I haven't been on this site since about a month ago. I was suicidal and wanted to lash out. Since then the people around me that I had learned to trust has violated that trust. I went to my va psychiatrist to get help...I also called the hotline and ended up hanging up on him (I don't know why...all I can say it's a matter of trusting who really knows what to do.) I'm tired of explaining how or what I'm feeling. It's not a matter of what I'm feeling...it's a matter of how out of control my head/brain/thinking is. If it's quiet-there's a loud buzzing sound in my head. I turn on the radio and/or tv so that I won't hear it. I get so angry. Just excuse my jibber and let me let you know who I am. I am a u.s. army veteran and have been diagnosed from the va psychiatrist with PTSD in 2003 I did not file for compensation until 4 years later, Feb 2007, and was notified just a few weeks ago 70%PTSD. The va counselor insisted that I sign a few forms (Unemployability and Vocab Rehab???) I really don't care about all this. What I care about is my life...my anger. I hate living like this. It's very hard for me to even think of setting foot out of my front door without my insides turning upside down. I had a trigger 4 days ago (more disturbing than all the others) sent me reaching out because I felt like hurting someone (instead I went out to the parking lot with a bucket of paint and starting smearing profanity words all over the persons vehicle---haha this was about 2:30am). I warned him I'll kill him in his sleep. I really wish I could but I'm too caring. I've been on line hunting someone down planning his accidental death. I've told this to the va psychiatrist friday and wanted to be locked up/put away...but was told the mental facility is consisted of two wards and overbooked. It was suggested that I get a hotel room away from the stressor/trigger and get better food than what the the facility could ever offer. What? It's not about the food or getting away...it's about pain and how I'm planning to self medicate (with killing or be killed).

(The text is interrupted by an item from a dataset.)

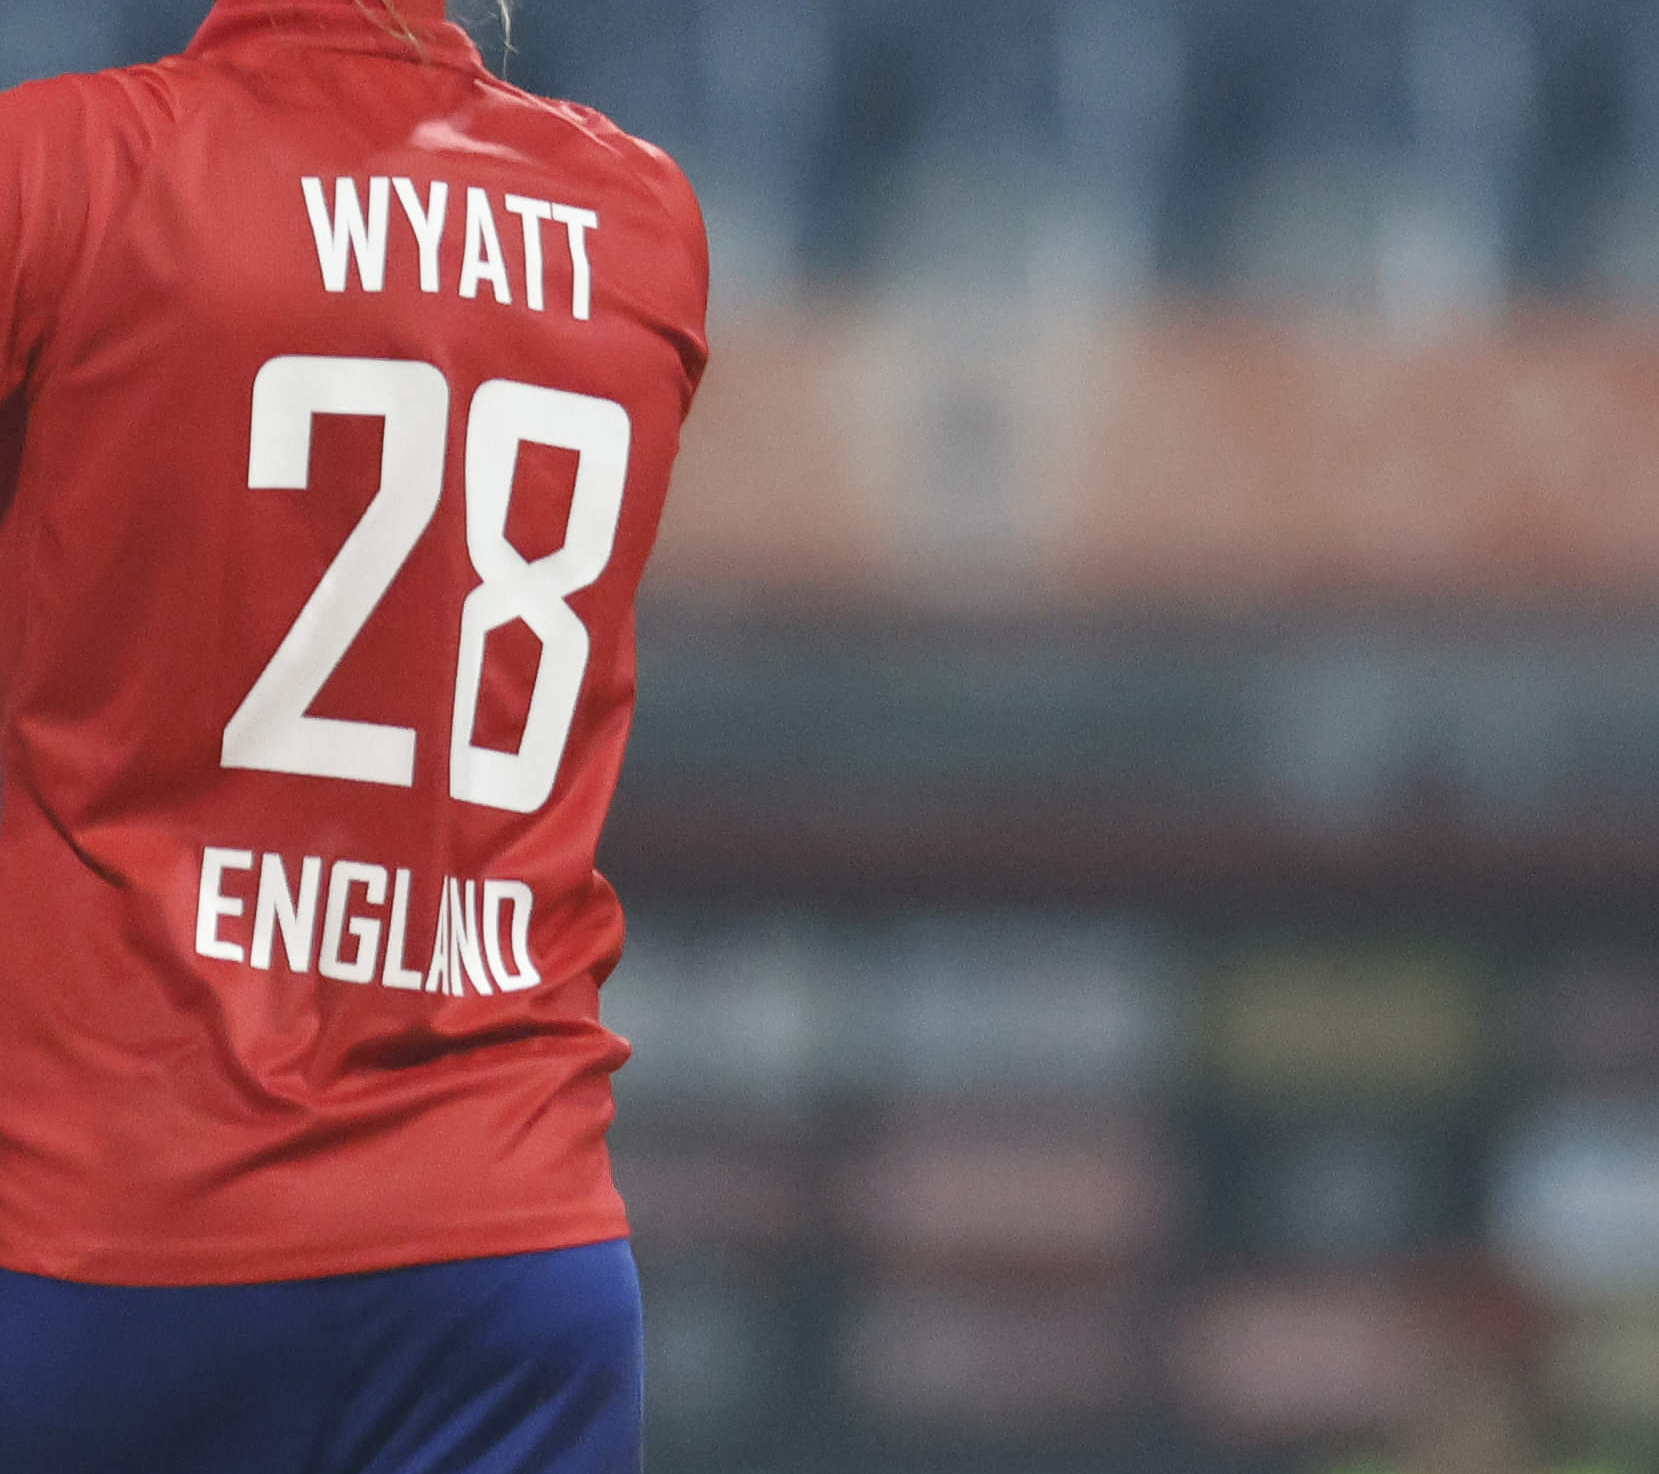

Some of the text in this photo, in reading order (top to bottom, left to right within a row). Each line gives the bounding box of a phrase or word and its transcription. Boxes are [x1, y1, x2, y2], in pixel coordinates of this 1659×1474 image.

Can anybody tell me how they survived this craziness (if it happened to you??) After the military I joined the civilian police force (training was very hard to get through-cadre thought I was out of control or maybe weak/crazy/emotionally distrubed) They graduated me anyway. Reported for duty intoxicated (this time I let it be known) confronted innocent people then had an altercation with the luetenant (supervisor) on duty-got in my vehicle and revved up the engine while he was on the sidewalk and scared him. Made me laugh. Aimed straight towards him. haha. I had earlier threw down my weapon I dared him. I was crazy and stupid. But that's what I mean...I don't want to know how far my thoughts will become reality. Guess I don't have to tell you what happened to that so called job (to protect--from me??)

I take flouxetine and buproprion. I was on Aripriprizole (sp?) but my va psychiatrist says I need to feel my feelings so took me off of it earlier this year. Doc explained wanted to put me on as little meds as possible and use the grounding skills taught at Menlo Park, Cali (inpatient 2006). Grounding skills...another temporary power of the mind va solution. Now they want me to return and talk about the trauma in depth because they feel this is best. I can't it's turns my brain into a food processer (maybe that's where all the noise is coming from...haha). Anybody out there that can relate?? please email or comment back. sorry for the blah blah. Take care and God Bless.